__TASK OBJECTIVE__. A faithful copy without images is required: write out all the records exactly.

======== AVAILABLE DATA ========

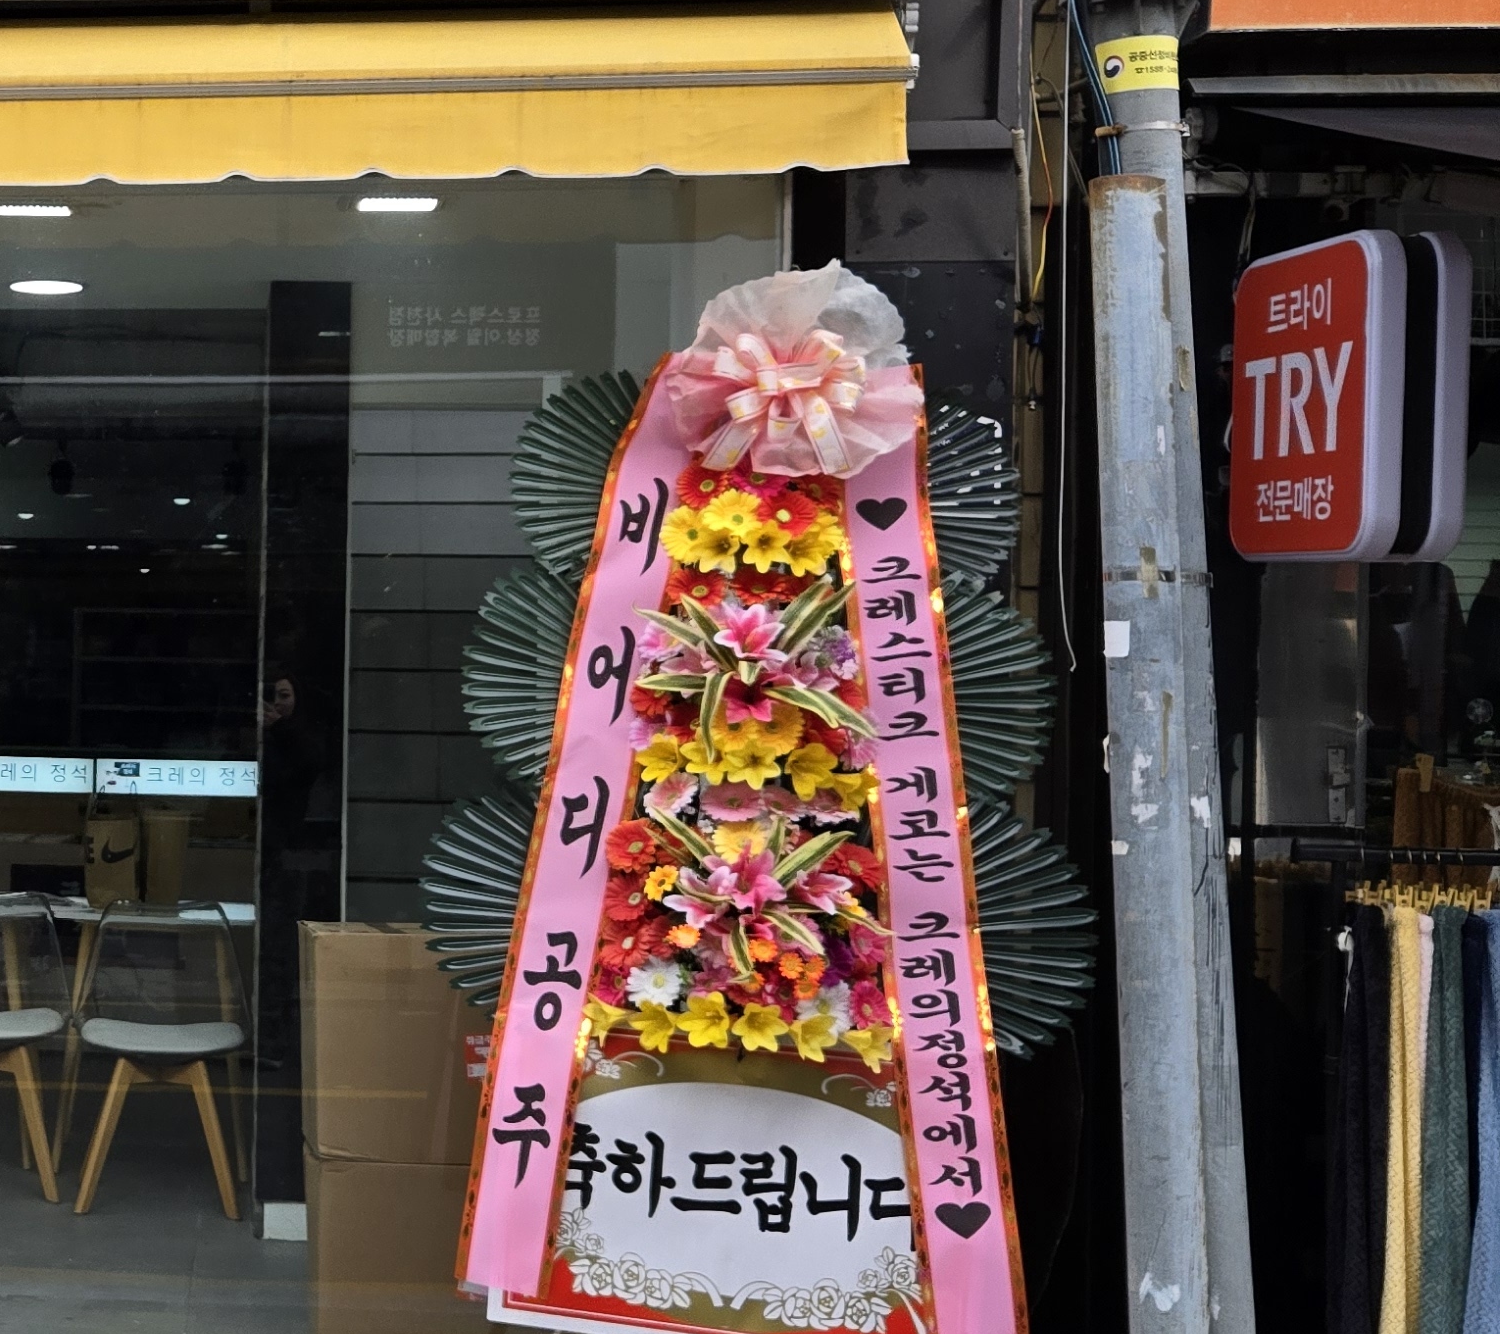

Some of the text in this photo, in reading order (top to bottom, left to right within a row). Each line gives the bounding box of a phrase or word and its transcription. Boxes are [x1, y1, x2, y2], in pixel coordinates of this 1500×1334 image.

[1266, 278, 1332, 334] 트라이
[1245, 341, 1354, 461] TRY
[1255, 475, 1334, 525] 전문매장
[50, 763, 88, 785] 정석
[146, 766, 206, 786] 크레의
[218, 766, 257, 787] 정석
[491, 476, 669, 1188] 비어디공주
[861, 555, 985, 1198] 크레스티크 게코는 크레의정석에서

========

__OUTPUT BELOW__.
Some of the text in this photo, in reading order (top to bottom, left to right within a row). Each line gives the bounding box of a phrase or word and its transcription. Boxes are [x1, y1, x2, y2], in pixel coordinates of this 1500×1334 image.

[1266, 278, 1332, 334] 트라이
[1245, 341, 1354, 461] TRY
[1255, 475, 1334, 525] 전문매장
[50, 763, 88, 785] 정석
[146, 766, 206, 786] 크레의
[218, 766, 257, 787] 정석
[491, 476, 669, 1188] 비어디공주
[861, 555, 985, 1198] 크레스티크 게코는 크레의정석에서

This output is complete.